The realm of the imagination, may make offensive statements. But it doesn't make it the statement of the author, just the character did or said something wrong. Or controversial. Imagination is more permissible.
I do generally agree with this. And I still want more games that give me both imagination, and
sometimes (much more often than I find them now) can be played with less "in your face" shit and rather less narrow options for representations of things feminine. Now for what little I know, Sarkeesian may be personally more fired up about women and representations specifically of violence. But simply analyzing or wanting something on the one side, does not exclude having another opinion about the other part. Melusine has said a lot about this, already.
I do not hate her. I just feel she is to generalized, to broad in her views. Using words like, All, Every, while sticking to demonizing things like Toxic Masculinity.
I dunno, I don't follow her that much and she might well overshoot with language as you say pretty often. BUT I still think, if you didn't make the sorts of mess you're making with misunderstandings above, then you wouldn't have to be as concerned with this. If you can understand the bigger picture enough to put what people are saying in context, then maybe you wouldn't be stuck having to insist she always
must mean every, or should be held to silence until she can fill whatever percentage/majority you
insist on before she can speak about some angle on questions many people agree are at least seriously out there.
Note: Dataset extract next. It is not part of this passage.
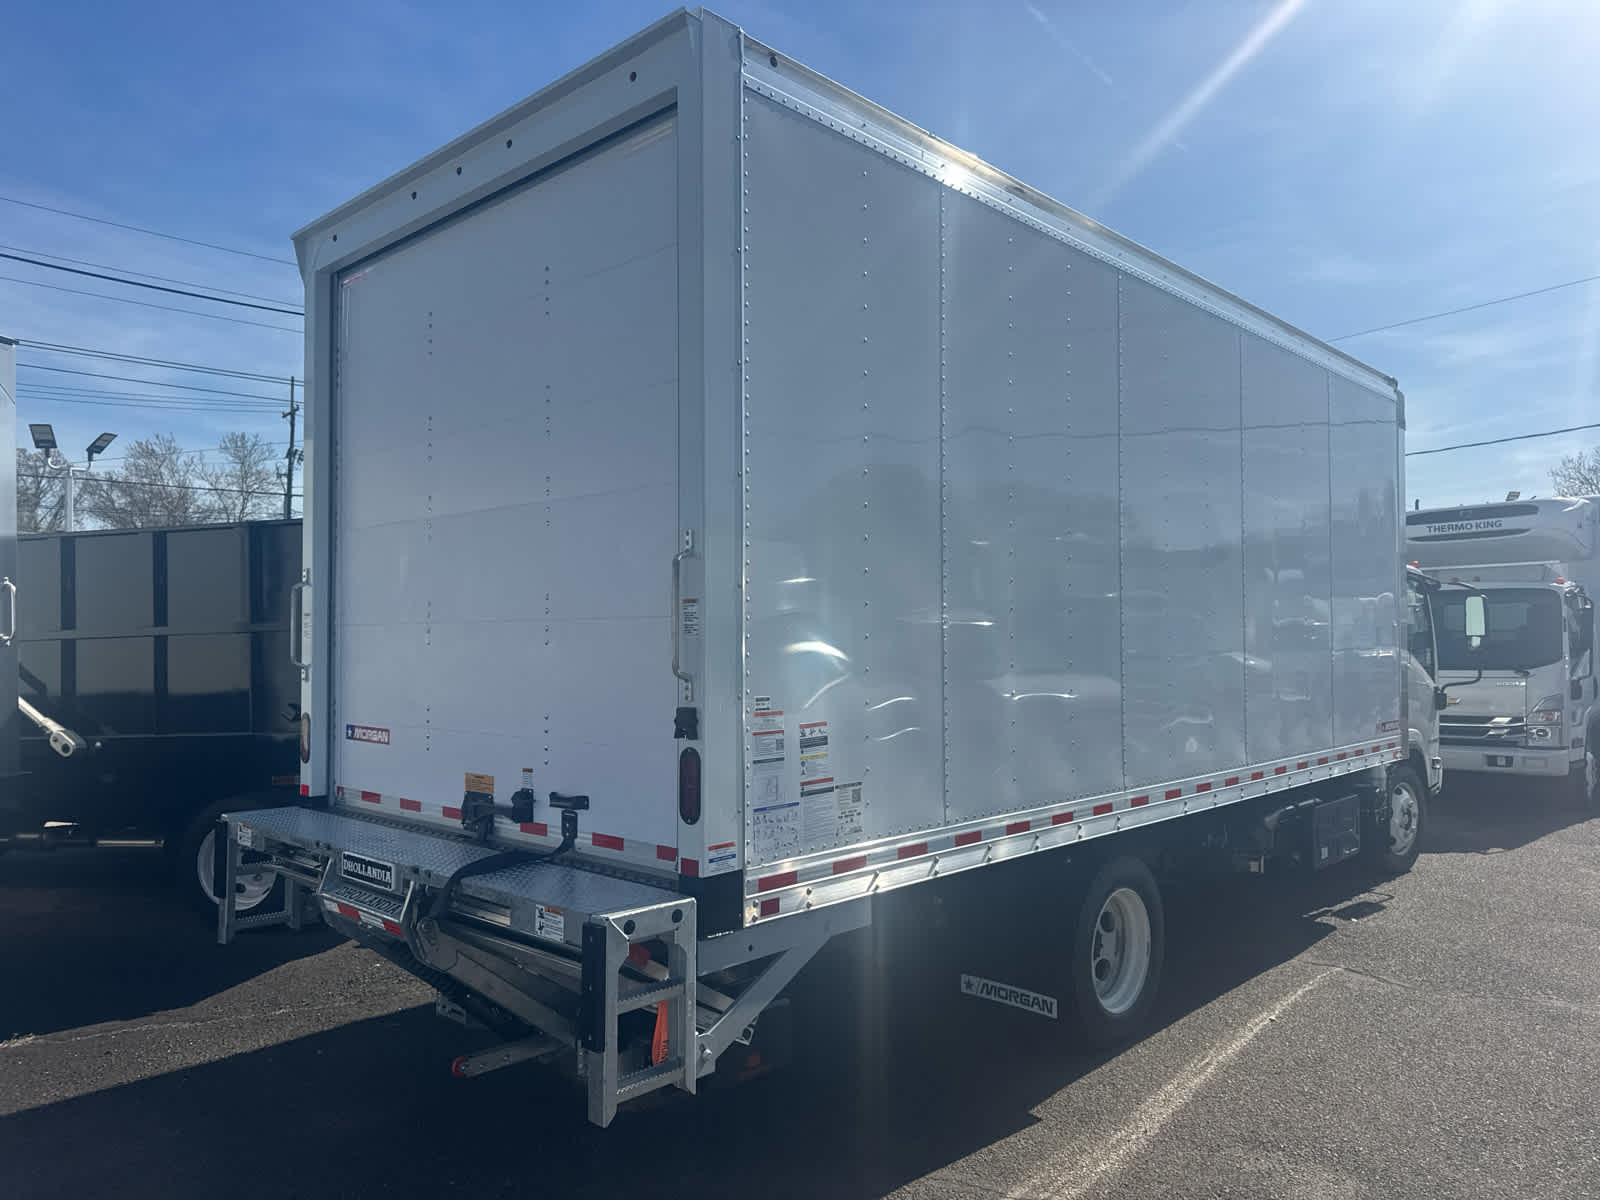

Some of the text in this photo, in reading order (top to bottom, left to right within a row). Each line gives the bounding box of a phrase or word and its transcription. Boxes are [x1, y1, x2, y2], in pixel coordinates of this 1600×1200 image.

It doesn't mean those questions have to dominate what you
think about games every second by any means, of course.
I don't follow her, but just a thought: I suspect you also just may
have a misunderstanding about whatever she means by "toxic" masculinity. More sophisticated feminists will recognize that masculinity is stuff people have different shares and stock in individually -- maybe the "toxic" one is just a model for how it works when things start to get bad and groups of people increasingly adopt one part as a modus operandi? (Such as, kylie thinks, eh people in this game can't play without making it feel like they're all hating asses who love to say "rape" and "cunt" every minute, and why don't
they use any scenery that isn't brown wasteland? I'd like to kill something in pink or on something terraformed in orange for a change...) Now if the problem is really that you think something happens whenever
a guy (or someone with plenty of testosterone) gets excited -- there's nothing
that can or should be done that counts -- and she thinks well people need to restrain whatever that pattern is cause look what it's done in some parts of society, then you might have a more serious disagreement there.